__Problem to solve__.
Nothing in the listing may be skipped; repeat it all exactly.

__Excerpted data__.
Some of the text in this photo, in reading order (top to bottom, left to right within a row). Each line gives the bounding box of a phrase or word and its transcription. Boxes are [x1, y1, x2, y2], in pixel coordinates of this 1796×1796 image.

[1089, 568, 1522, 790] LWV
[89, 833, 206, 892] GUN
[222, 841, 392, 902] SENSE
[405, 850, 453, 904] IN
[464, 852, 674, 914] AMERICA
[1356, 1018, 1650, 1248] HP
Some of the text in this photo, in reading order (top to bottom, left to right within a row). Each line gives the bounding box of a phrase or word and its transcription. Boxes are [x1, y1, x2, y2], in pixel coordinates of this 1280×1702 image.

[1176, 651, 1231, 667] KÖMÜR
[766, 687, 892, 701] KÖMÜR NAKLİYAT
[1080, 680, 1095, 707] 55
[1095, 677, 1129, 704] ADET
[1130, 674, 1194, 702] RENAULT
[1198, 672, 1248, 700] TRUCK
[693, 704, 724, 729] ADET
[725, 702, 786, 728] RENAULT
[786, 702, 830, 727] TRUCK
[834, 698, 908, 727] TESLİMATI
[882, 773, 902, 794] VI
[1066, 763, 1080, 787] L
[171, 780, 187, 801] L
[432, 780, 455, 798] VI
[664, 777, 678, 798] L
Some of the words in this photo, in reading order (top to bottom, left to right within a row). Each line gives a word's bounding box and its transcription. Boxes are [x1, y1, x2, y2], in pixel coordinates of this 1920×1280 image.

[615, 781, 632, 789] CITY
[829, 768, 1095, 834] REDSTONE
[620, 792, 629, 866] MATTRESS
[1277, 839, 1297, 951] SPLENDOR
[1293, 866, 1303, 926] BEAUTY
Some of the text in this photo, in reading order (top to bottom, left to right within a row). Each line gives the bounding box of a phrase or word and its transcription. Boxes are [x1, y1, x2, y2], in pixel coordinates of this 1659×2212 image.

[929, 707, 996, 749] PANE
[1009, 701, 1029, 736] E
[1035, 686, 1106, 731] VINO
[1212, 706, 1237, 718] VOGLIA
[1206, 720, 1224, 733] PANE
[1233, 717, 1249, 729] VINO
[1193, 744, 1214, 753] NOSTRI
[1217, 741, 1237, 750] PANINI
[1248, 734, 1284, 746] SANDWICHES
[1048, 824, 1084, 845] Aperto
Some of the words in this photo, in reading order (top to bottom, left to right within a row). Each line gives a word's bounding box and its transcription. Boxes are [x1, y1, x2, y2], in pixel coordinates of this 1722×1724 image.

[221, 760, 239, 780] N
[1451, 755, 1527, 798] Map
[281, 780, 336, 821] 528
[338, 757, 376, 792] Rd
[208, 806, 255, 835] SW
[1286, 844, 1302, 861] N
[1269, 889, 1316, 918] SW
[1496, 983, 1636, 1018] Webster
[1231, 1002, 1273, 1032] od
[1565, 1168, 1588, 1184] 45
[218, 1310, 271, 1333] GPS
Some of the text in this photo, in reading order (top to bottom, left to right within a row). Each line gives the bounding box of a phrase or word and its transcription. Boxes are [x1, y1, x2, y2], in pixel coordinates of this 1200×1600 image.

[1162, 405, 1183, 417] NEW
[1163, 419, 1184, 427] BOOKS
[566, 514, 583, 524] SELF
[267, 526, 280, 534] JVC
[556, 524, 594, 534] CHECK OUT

__Response__.
Some of the text in this photo, in reading order (top to bottom, left to right within a row). Each line gives the bounding box of a phrase or word and its transcription. Boxes are [x1, y1, x2, y2], in pixel coordinates of this 1796×1796 image.

[1089, 568, 1522, 790] LWV
[89, 833, 206, 892] GUN
[222, 841, 392, 902] SENSE
[405, 850, 453, 904] IN
[464, 852, 674, 914] AMERICA
[1356, 1018, 1650, 1248] HP
Some of the text in this photo, in reading order (top to bottom, left to right within a row). Each line gives the bounding box of a phrase or word and its transcription. Boxes are [x1, y1, x2, y2], in pixel coordinates of this 1280×1702 image.

[1176, 651, 1231, 667] KÖMÜR
[766, 687, 892, 701] KÖMÜR NAKLİYAT
[1080, 680, 1095, 707] 55
[1095, 677, 1129, 704] ADET
[1130, 674, 1194, 702] RENAULT
[1198, 672, 1248, 700] TRUCK
[693, 704, 724, 729] ADET
[725, 702, 786, 728] RENAULT
[786, 702, 830, 727] TRUCK
[834, 698, 908, 727] TESLİMATI
[882, 773, 902, 794] VI
[1066, 763, 1080, 787] L
[171, 780, 187, 801] L
[432, 780, 455, 798] VI
[664, 777, 678, 798] L
Some of the words in this photo, in reading order (top to bottom, left to right within a row). Each line gives a word's bounding box and its transcription. Boxes are [x1, y1, x2, y2], in pixel coordinates of this 1920×1280 image.

[615, 781, 632, 789] CITY
[829, 768, 1095, 834] REDSTONE
[620, 792, 629, 866] MATTRESS
[1277, 839, 1297, 951] SPLENDOR
[1293, 866, 1303, 926] BEAUTY
Some of the text in this photo, in reading order (top to bottom, left to right within a row). Each line gives the bounding box of a phrase or word and its transcription. Boxes are [x1, y1, x2, y2], in pixel coordinates of this 1659×2212 image.

[929, 707, 996, 749] PANE
[1009, 701, 1029, 736] E
[1035, 686, 1106, 731] VINO
[1212, 706, 1237, 718] VOGLIA
[1206, 720, 1224, 733] PANE
[1233, 717, 1249, 729] VINO
[1193, 744, 1214, 753] NOSTRI
[1217, 741, 1237, 750] PANINI
[1248, 734, 1284, 746] SANDWICHES
[1048, 824, 1084, 845] Aperto
Some of the words in this photo, in reading order (top to bottom, left to right within a row). Each line gives a word's bounding box and its transcription. Boxes are [x1, y1, x2, y2], in pixel coordinates of this 1722×1724 image.

[221, 760, 239, 780] N
[1451, 755, 1527, 798] Map
[281, 780, 336, 821] 528
[338, 757, 376, 792] Rd
[208, 806, 255, 835] SW
[1286, 844, 1302, 861] N
[1269, 889, 1316, 918] SW
[1496, 983, 1636, 1018] Webster
[1231, 1002, 1273, 1032] od
[1565, 1168, 1588, 1184] 45
[218, 1310, 271, 1333] GPS
Some of the text in this photo, in reading order (top to bottom, left to right within a row). Each line gives the bounding box of a phrase or word and its transcription. Boxes are [x1, y1, x2, y2], in pixel coordinates of this 1200×1600 image.

[1162, 405, 1183, 417] NEW
[1163, 419, 1184, 427] BOOKS
[566, 514, 583, 524] SELF
[267, 526, 280, 534] JVC
[556, 524, 594, 534] CHECK OUT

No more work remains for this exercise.